Keywords: User behavior knowledge graph, user knowledge extraction, graph database, knowledge graph construction.

1 Introduction

During the process of software development, knowledge flows between developers, projects, and users [1]. After the software is released, its users often play a role in promoting the improvement of the software platform by guiding software updates [2]. At the same time, as the development scale of software continues to expand, software requirements increase and become more complex.

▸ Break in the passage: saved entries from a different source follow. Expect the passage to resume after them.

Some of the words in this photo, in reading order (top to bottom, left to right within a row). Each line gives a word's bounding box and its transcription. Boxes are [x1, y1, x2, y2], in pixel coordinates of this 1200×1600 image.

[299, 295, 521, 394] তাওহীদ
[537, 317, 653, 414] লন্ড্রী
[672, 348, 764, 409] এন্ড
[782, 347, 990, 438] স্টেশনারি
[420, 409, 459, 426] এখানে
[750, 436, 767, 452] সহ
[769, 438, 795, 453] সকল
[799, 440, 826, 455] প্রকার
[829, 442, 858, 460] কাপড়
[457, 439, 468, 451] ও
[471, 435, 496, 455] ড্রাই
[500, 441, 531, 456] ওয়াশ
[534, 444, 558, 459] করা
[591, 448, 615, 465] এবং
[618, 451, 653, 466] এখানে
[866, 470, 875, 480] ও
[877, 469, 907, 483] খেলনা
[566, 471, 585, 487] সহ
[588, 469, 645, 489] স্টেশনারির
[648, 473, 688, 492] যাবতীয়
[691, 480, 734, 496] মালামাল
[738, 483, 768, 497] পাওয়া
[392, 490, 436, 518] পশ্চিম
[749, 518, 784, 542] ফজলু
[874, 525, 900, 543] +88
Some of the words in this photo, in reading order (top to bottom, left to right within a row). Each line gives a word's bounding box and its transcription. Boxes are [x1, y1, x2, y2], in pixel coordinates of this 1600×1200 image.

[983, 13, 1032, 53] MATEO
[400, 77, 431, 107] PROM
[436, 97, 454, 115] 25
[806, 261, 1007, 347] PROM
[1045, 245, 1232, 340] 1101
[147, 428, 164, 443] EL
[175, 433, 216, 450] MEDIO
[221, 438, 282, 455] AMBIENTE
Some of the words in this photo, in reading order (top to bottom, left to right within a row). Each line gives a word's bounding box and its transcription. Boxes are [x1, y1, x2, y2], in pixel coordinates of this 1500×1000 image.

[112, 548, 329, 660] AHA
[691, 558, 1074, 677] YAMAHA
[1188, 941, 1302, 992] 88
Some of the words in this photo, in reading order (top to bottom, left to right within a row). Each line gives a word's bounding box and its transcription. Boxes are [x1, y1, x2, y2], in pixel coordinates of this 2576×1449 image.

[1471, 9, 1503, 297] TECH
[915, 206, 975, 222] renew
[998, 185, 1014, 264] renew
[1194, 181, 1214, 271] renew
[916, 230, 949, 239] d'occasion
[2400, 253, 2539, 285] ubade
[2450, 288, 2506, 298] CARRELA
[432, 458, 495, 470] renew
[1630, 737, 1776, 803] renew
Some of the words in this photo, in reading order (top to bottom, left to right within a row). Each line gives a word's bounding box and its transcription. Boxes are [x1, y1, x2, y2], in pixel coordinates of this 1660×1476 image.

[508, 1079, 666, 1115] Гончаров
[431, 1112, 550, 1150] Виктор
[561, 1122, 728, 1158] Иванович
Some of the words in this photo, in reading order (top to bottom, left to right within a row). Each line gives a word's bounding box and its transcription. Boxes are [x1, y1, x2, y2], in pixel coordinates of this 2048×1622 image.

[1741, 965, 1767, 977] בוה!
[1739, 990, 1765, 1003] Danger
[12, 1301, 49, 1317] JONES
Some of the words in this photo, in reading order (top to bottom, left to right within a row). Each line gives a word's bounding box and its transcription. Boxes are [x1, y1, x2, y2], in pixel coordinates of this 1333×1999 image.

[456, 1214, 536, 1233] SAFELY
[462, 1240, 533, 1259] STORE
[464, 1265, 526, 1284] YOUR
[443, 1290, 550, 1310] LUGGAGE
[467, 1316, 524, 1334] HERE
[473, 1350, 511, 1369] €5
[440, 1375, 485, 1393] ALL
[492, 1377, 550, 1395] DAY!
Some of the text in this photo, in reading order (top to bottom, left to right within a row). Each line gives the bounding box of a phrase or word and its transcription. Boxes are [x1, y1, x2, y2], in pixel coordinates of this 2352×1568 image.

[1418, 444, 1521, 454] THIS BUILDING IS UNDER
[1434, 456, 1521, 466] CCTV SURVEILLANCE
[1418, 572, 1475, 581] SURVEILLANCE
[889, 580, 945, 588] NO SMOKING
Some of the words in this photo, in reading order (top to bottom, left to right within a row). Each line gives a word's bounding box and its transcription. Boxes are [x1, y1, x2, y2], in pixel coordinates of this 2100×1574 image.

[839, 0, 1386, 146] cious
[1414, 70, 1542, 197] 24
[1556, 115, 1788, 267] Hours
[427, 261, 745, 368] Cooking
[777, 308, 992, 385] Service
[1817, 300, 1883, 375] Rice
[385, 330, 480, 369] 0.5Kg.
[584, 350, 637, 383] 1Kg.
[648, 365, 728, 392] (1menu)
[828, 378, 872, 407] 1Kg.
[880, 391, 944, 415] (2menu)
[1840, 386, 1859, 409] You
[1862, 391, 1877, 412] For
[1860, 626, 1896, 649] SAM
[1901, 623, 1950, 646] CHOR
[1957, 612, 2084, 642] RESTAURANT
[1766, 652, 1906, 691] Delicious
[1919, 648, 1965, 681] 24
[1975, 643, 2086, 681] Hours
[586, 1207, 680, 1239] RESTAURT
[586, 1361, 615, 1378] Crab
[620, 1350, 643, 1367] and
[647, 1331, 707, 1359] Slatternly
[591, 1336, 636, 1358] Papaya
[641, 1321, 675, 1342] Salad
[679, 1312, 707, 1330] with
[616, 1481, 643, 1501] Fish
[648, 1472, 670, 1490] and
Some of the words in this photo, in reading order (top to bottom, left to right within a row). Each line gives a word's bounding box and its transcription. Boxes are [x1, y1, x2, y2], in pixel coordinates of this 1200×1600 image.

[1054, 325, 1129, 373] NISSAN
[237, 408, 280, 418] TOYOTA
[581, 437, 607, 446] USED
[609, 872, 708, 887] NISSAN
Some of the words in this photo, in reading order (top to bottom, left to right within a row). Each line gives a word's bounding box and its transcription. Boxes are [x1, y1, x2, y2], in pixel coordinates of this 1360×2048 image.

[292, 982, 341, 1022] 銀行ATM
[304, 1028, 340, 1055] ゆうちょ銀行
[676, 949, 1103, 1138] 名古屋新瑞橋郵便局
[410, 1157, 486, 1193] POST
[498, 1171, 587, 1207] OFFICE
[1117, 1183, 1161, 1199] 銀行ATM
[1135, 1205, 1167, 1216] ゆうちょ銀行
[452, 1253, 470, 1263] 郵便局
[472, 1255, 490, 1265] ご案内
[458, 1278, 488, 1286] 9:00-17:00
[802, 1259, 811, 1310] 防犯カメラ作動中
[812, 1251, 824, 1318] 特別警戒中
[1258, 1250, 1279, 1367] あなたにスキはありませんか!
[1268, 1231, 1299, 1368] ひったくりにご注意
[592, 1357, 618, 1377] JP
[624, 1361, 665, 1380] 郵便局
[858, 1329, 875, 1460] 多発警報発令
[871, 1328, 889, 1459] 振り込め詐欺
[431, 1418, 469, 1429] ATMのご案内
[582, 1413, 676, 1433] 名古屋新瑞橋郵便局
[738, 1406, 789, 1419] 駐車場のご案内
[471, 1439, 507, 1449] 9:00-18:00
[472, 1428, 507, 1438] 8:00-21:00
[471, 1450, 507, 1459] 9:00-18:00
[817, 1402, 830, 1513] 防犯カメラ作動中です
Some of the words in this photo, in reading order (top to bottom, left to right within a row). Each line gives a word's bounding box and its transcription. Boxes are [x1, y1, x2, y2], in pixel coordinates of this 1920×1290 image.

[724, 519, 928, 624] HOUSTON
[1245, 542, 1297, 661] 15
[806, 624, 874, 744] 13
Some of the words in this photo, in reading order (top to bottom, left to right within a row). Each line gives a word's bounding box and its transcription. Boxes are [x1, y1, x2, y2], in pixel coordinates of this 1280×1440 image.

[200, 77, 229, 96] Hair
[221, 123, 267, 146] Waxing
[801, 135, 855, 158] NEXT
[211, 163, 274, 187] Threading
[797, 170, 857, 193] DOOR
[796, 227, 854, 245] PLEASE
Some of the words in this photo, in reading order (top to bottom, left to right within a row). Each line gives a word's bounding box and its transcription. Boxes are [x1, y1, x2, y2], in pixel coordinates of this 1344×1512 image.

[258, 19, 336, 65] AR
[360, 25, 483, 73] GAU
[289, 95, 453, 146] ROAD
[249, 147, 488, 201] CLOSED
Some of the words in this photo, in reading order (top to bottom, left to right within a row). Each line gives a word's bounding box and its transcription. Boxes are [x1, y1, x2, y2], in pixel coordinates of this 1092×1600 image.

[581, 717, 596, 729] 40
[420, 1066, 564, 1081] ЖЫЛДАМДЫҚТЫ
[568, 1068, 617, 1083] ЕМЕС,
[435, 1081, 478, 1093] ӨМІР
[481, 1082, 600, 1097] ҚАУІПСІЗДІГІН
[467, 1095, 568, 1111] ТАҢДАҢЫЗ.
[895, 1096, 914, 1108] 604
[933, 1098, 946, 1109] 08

If software developers, particularly developers of large-scale platforms, want to improve the user experience, meet the needs of users, and expand the user community, they need to deepen their understanding of users [3]. Under this premise, knowledge extraction and the proper use of behavioral information generated at the user level is a better method for improving the quality and efficiency of software development, and for making the software platform more user-centric.

However, during the development of the large-scale software platform Integrated Logging Platform CIFLog [4], the project team found that the platform was suffering from problems in the areas of knowledge extraction and utilization of user behavior information, which affected the process of software maintenance. Through investigation, we find that the current research on the application of user behavior information can be divided into three types: user intention analysis based on user behavior [5–7], personalized recommendation based on user behavior [8–10], and credibility analysis of user behavior [11–13]. Furthermore, while the research on software knowledge representation in the field of software engineering is still focused on user demand representation [14–16], software development knowledge modeling [17, 18], and software development process knowledge management [19, 20]. However, research on user behavior knowledge extraction and representation is still lacking.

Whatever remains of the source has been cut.